Anch'io ho trovato solo quella. E aggiungo il mio mah.
> "Impiccare" a Bergamo
Questa poi. Stasera devo consultare mio figlio. Va bene che non sono di
Bergamo Bergamo, pero` sono sempre bergamasco, e devo stare aggiornato.
> "Fare forca" Firenze
Ciumbia, come a Bergamo. Vuoi vedere che anche noi sciacquiamo i panni in
Arno? Beh, in fin dei conti il Manzoni ha avuto una moglie bergamasca. Che
sia stata lei a consigliarlo?
> "Fare sega" Roma, Italia Centrale (pare non suoni triviale)
Di sicuro no, come mi ha confermato una mia amica di Roma la prima volta che
gliel'ho sentito usare. Aggiungo che l'espressione viene usata anche nel senso
piu` generale di non partecipare di proposito a una riunione; inoltre cio` che
si marina e` indicato col complemento di termine.
Gian Carlo
-----== Posted via Deja News, The Leader in Internet Discussion ==-----
http://www.dejanews.com/rg_mkgrp.xp Create Your Own Free Member Forum
>"Fare sbocca" Romagna
Scusa la piccola precisazione : SBOCCiA.
Credo sia l'abbreviazione di" bisboccia" ,nel senso di fare baldoria.
Bye
Se vuoi aggiungere anche questa:
"fare sgric" (con "c" dolce)
Strettamente mantovana e, temo, strettamente degli anni '60.
Nessuna neppur vaga idea dell'origine.
Mario Pavesi
>"Fare lippe" Venezia Giulia
Salve Elrond,
aggiungi pure questa, trovata "in extremis" sul Vocabolario Giuliano
di Rosamani (1958):
"Fare scapola"
Ciao,
Alessio l' Olandese Giuliano
In it.hobby.cucina potete trovare un thread ("Non andare a scuola") sullo
stesso argomento. D'altra parte, se la scuola viene "marinata", quale gruppo
piu` adatto per discuterne?
>> "Impiccare" a Bergamo
>
>Questa poi. Stasera devo consultare mio figlio. Va bene che non sono di
>Bergamo Bergamo, pero` sono sempre bergamasco, e devo stare aggiornato.
>
Tranquillo che' tuo figlio lo sa di sicuro :) E' l'unico motivo di
superiorita' linguistica bergamasca che io abbia avuto per anni nei
confronti delle italiche genti.
>> "Fare forca" Firenze
>
>Ciumbia, come a Bergamo. Vuoi vedere che anche noi sciacquiamo i panni in
>Arno?
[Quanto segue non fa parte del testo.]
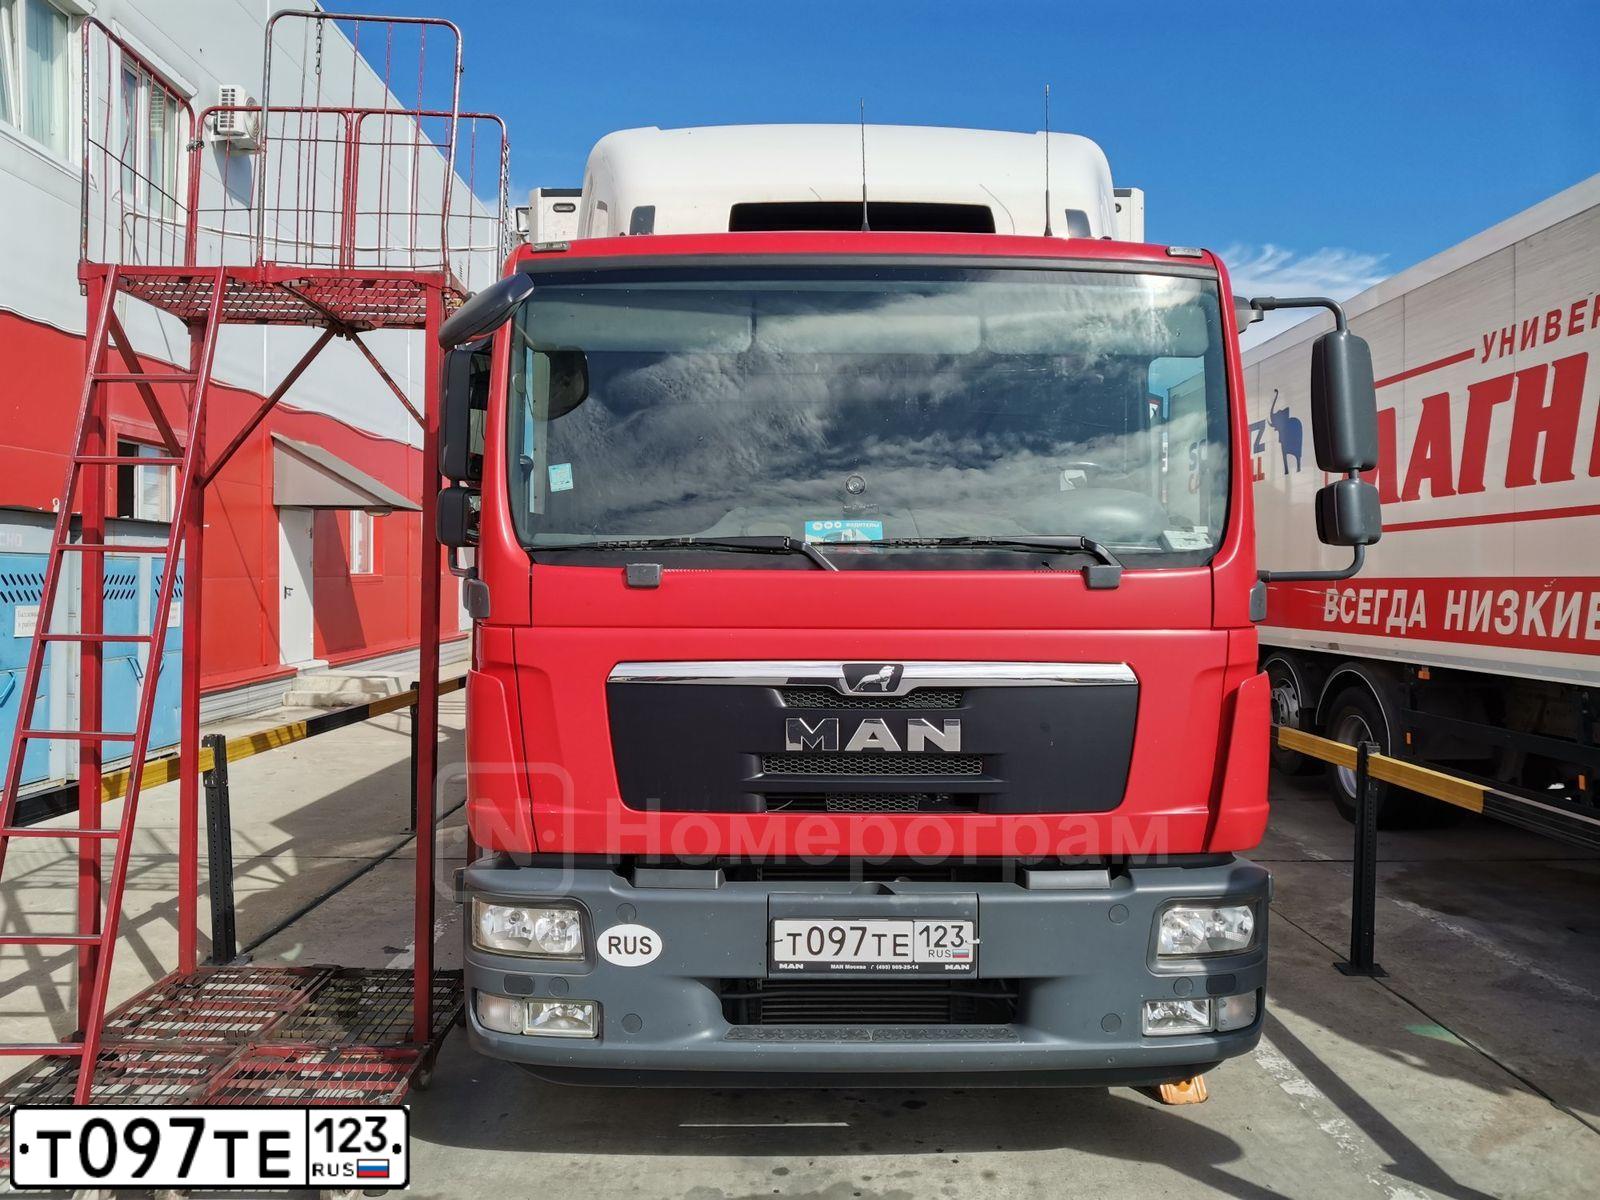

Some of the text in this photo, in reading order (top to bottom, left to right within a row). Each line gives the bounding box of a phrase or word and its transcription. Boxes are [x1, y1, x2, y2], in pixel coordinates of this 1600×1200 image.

Beh, in fin dei conti il Manzoni ha avuto una moglie bergamasca. Che
>sia stata lei a consigliarlo?
>
Ho una nuova teoria: il Manzoni in realta' sciacquo' i panni in Serio
e poi vendette il tutto come fosse toscano aulico.
Spino
> On Mon, 10 Aug 1998 11:36:28 GMT, g.ma...@usa.net wrote:
[...]
>> Vuoi vedere che anche noi sciacquiamo i panni in
>> Arno? Beh, in fin dei conti il Manzoni ha avuto una moglie bergamasca. Che
>> sia stata lei a consigliarlo?
> Ho una nuova teoria: il Manzoni in realta' sciacquo' i panni in Serio
> e poi vendette il tutto come fosse toscano aulico.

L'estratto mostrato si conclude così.